Müssen Angehörige als Zeugen aussagen und die Wahrheit sagen?

Zwei nebeneinanderstehende Stühle gegenüber einem einzelnen Zeugenstuhl – Symbolbild zur Aussage von Angehörigen.
KI-generiertes Symbolbild

Redaktionell aktualisiert am 18. September 2026 · Redaktion: Rudolph Rechtsanwälte

Angehörige können unter den Voraussetzungen des § 52 StPO das Zeugnis verweigern. Wer von diesem Recht Gebrauch macht, muss nicht zur Sache aussagen. Wer aussagt, muss dagegen wahrheitsgemäß aussagen. Ein Recht zu schweigen ist kein Recht, einen Angehörigen durch falsche Angaben zu schützen.

Welche Angehörigen sind geschützt?

§ 52 StPO nennt unter anderem Verlobte, Ehegatten, Lebenspartner sowie bestimmte Verwandte und Verschwägerte des Beschuldigten. Nicht jede persönliche Nähe begründet ein Zeugnisverweigerungsrecht. Bei mehreren Beschuldigten kommt es außerdem darauf an, wie die Verfahren und die Angehörigenbeziehung zusammenhängen.

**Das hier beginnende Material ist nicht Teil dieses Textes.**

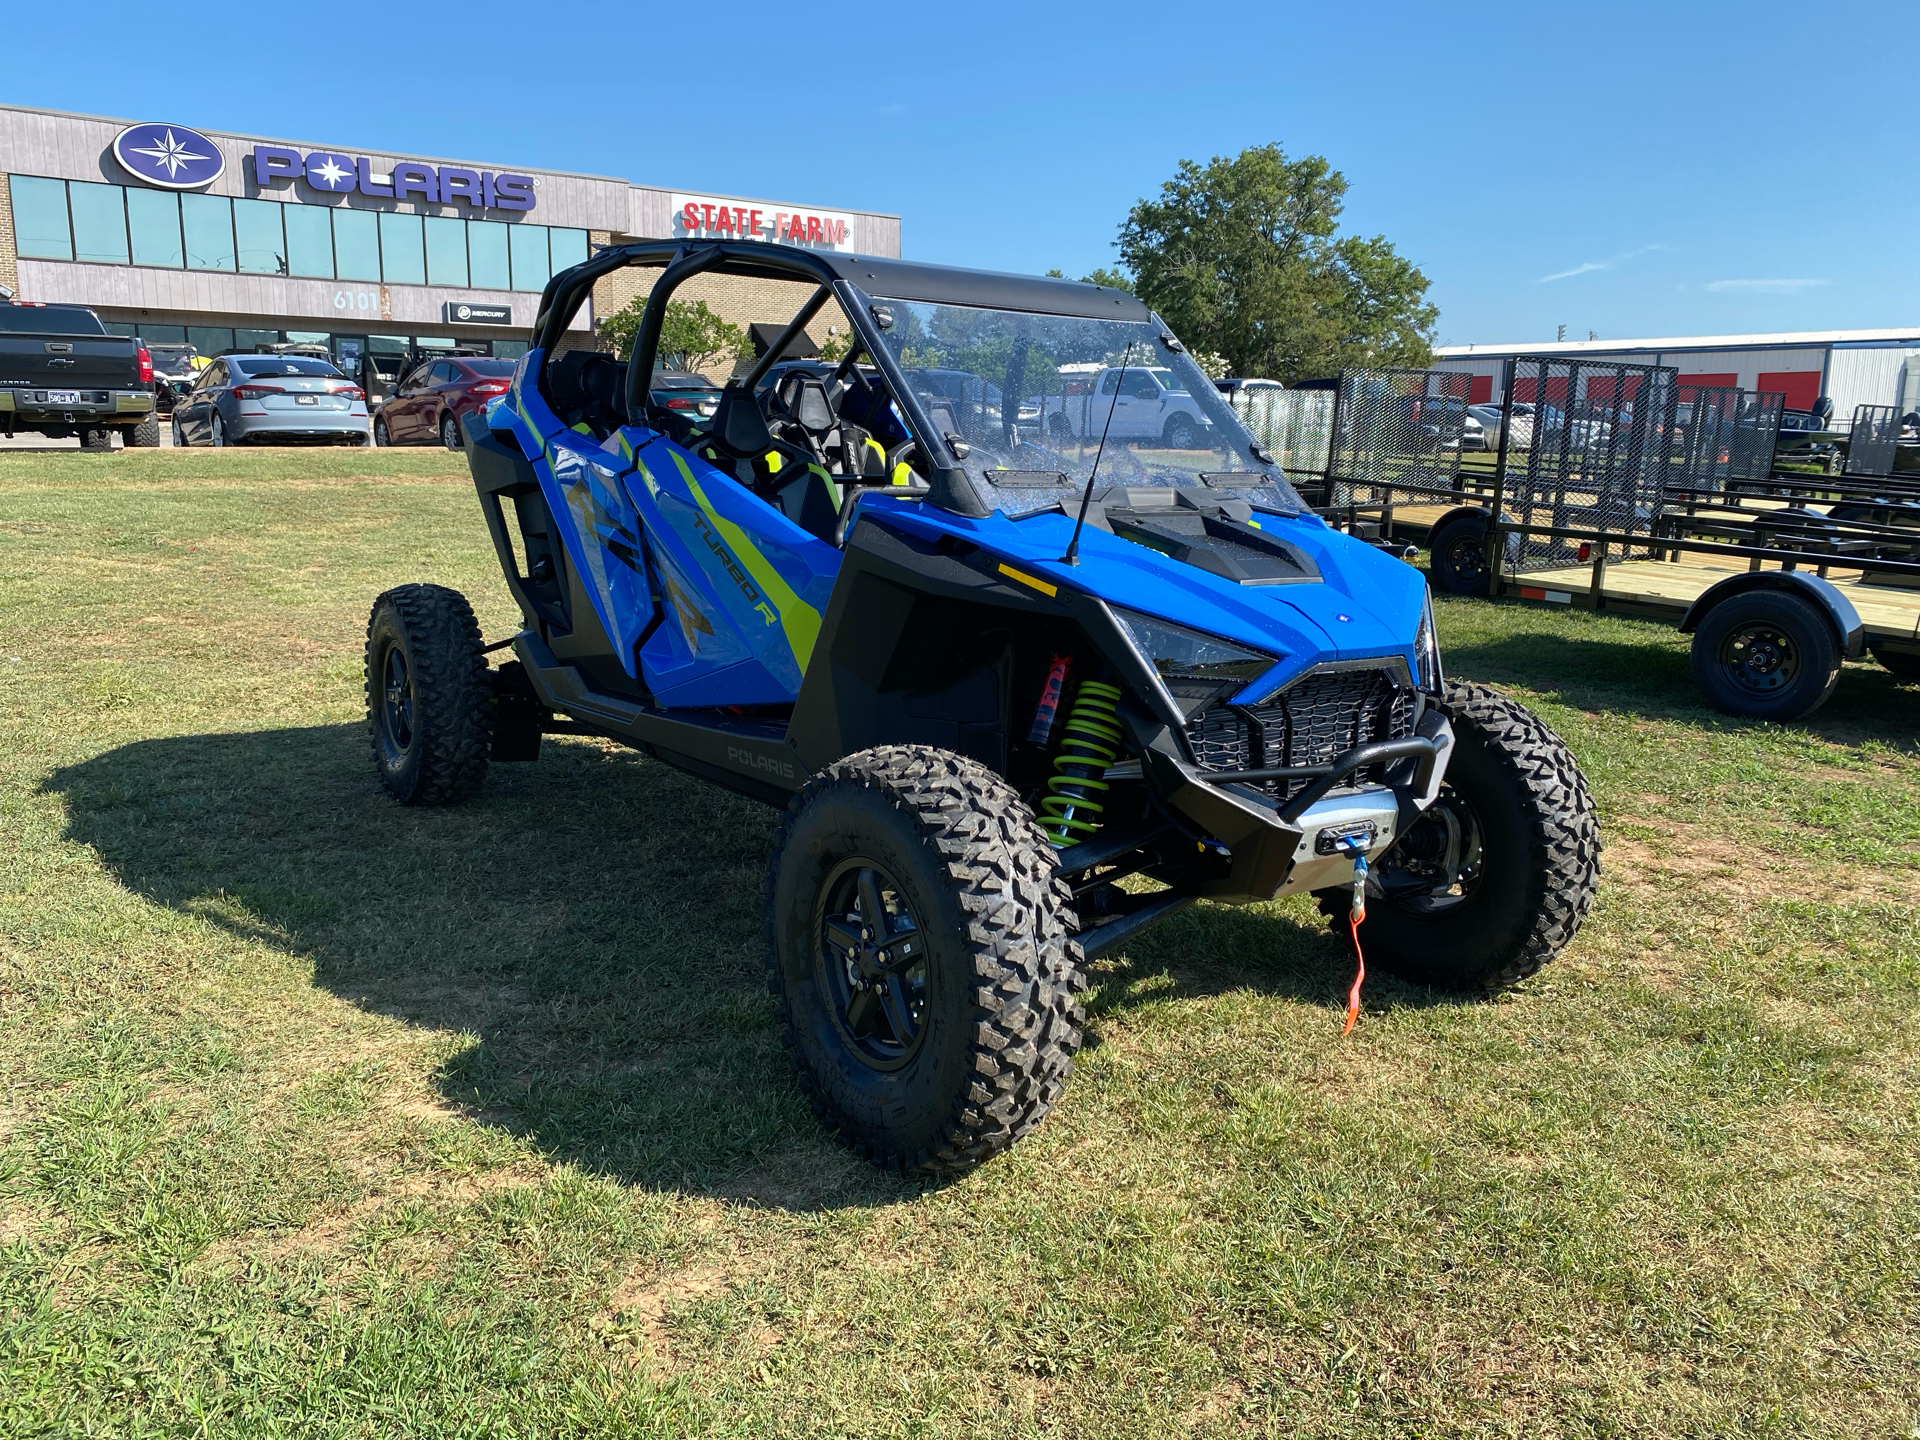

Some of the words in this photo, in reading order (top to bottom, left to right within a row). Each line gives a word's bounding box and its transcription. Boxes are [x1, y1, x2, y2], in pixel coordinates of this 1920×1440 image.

[254, 146, 537, 211] POLARIS
[683, 202, 763, 236] STATE
[776, 212, 845, 245] FARM
[333, 290, 378, 311] 6101
[471, 310, 506, 319] MERCURY
[693, 512, 760, 603] TURBO
[754, 601, 777, 627] R
[727, 746, 795, 779] POLARIS

Bleibt das Recht nach einer Verfahrenseinstellung bestehen?

Das lässt sich nicht für jede Einstellung gleich beantworten. Der BGH hat für eine endgültige Einstellung nach § 153a StPO entschieden: Ist die Auflage erfüllt und eine weitere Verfolgung als Verbrechen ausgeschlossen, kann das über den früheren Mitbeschuldigten vermittelte Zeugnisverweigerungsrecht im Verfahren gegen einen anderen Beschuldigten entfallen. Maßgeblich sind der genaue Einstellungsgrund und der aktuelle Verfahrensstand (BGH, Beschluss vom 28. April 2026 – 1 StR 269/25).

Was gilt bei eigener Strafverfolgungsgefahr?

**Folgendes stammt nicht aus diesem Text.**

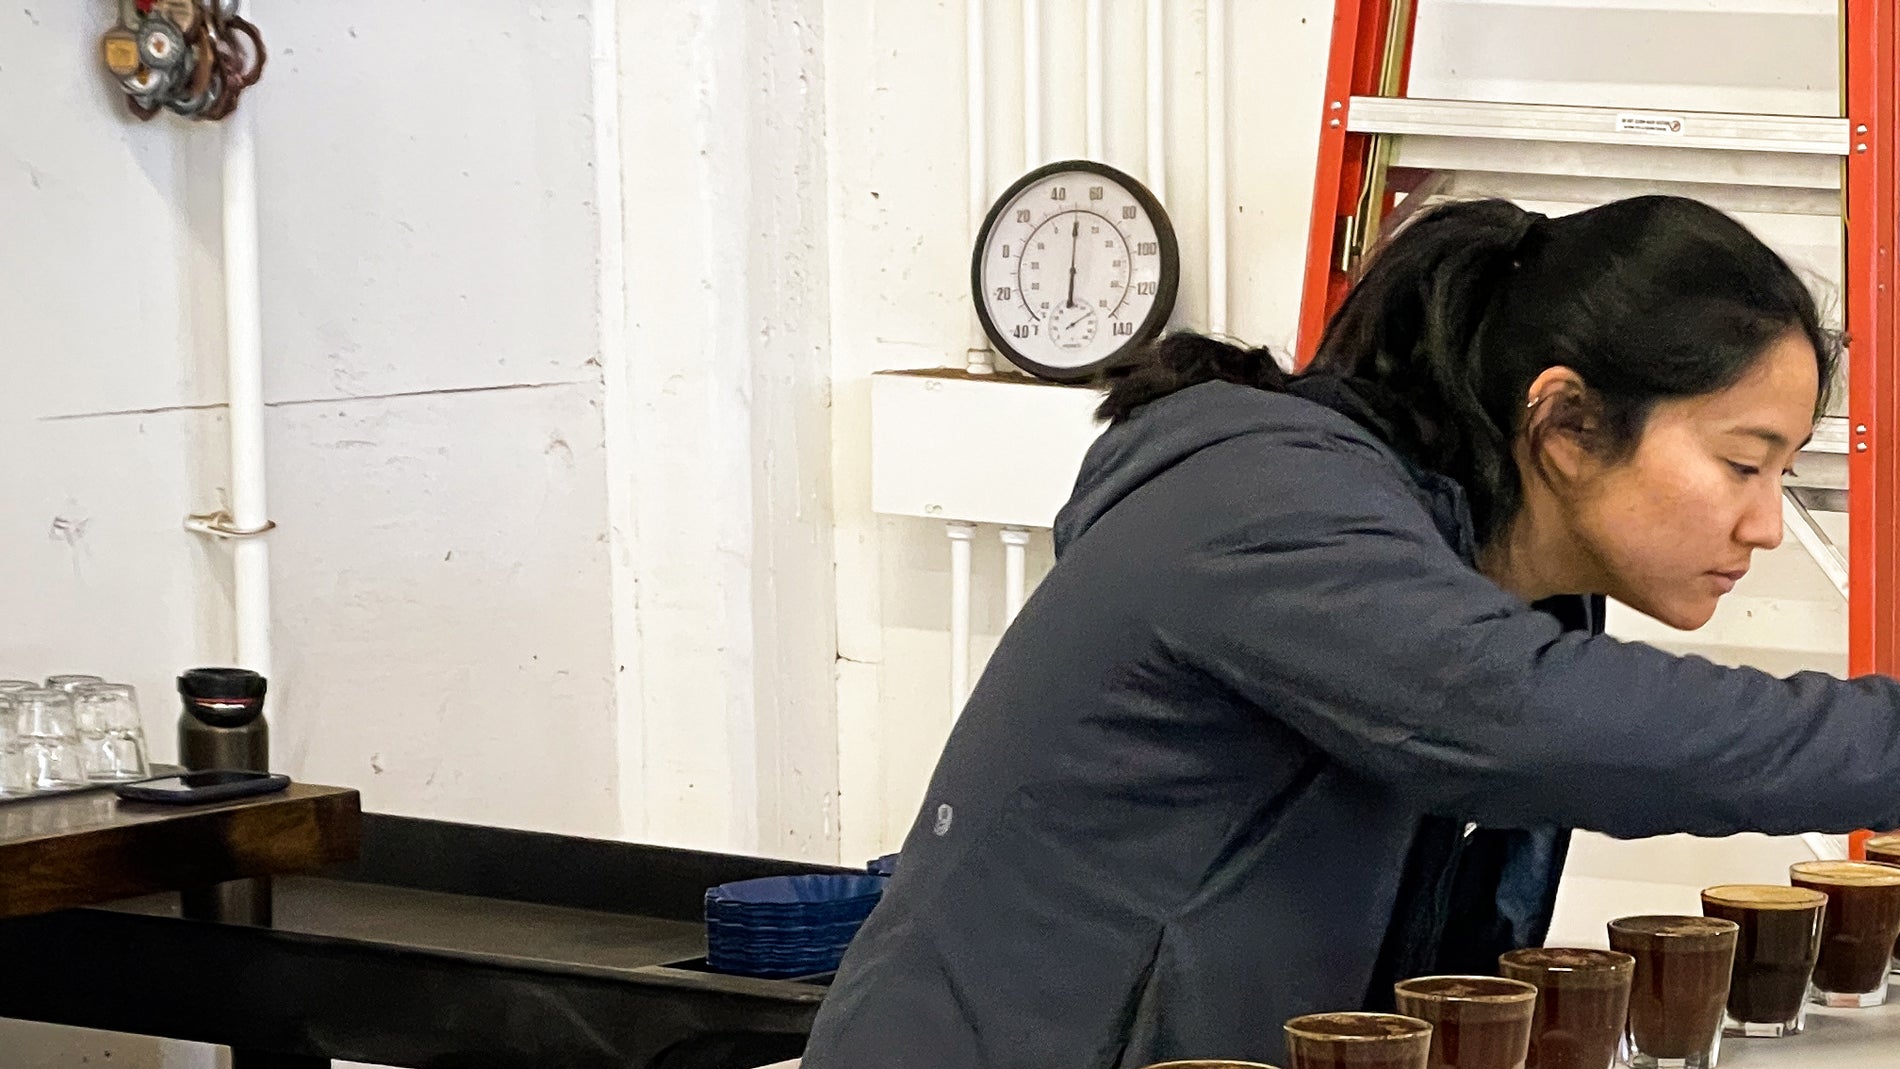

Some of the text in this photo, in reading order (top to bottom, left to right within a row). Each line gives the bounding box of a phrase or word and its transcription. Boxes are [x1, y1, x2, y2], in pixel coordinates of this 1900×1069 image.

[1051, 187, 1066, 201] 40
[1089, 187, 1104, 201] 60
[1016, 210, 1031, 223] 20
[1122, 206, 1137, 219] 80
[1002, 245, 1010, 259] 0
[1138, 243, 1157, 256] 100
[1137, 282, 1156, 296] 120
[1113, 322, 1133, 337] 140

§ 55 StPO betrifft die Gefahr, durch die Beantwortung einer Frage sich selbst oder bestimmte Angehörige einer Verfolgung wegen einer Straftat oder Ordnungswidrigkeit auszusetzen. Dieses Auskunftsverweigerungsrecht ist unabhängig von der Frage zu prüfen, ob das gesamte Zeugnis nach § 52 StPO verweigert werden darf. Es ist grundsätzlich auf die belastenden Fragen bezogen; die Reichweite hängt vom Einzelfall ab.

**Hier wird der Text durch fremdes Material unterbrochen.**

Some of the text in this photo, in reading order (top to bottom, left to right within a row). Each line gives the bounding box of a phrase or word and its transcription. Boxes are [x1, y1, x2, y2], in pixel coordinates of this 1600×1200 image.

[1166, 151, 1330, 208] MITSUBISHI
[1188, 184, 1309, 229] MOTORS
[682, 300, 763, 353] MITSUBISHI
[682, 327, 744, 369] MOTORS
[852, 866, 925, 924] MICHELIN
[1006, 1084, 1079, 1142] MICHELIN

Wann ist ein Zeugenbeistand sinnvoll?

Wenn die eigene Rolle unklar ist, mehrere Verfahren miteinander zusammenhängen oder bereits eine Einstellung erfolgt ist, sollte vor der Vernehmung geklärt werden, welche Rechte bestehen. Ein Zeugenbeistand kann diese Prüfung übernehmen und darauf achten, dass Rechte und Pflichten im konkreten Termin richtig behandelt werden.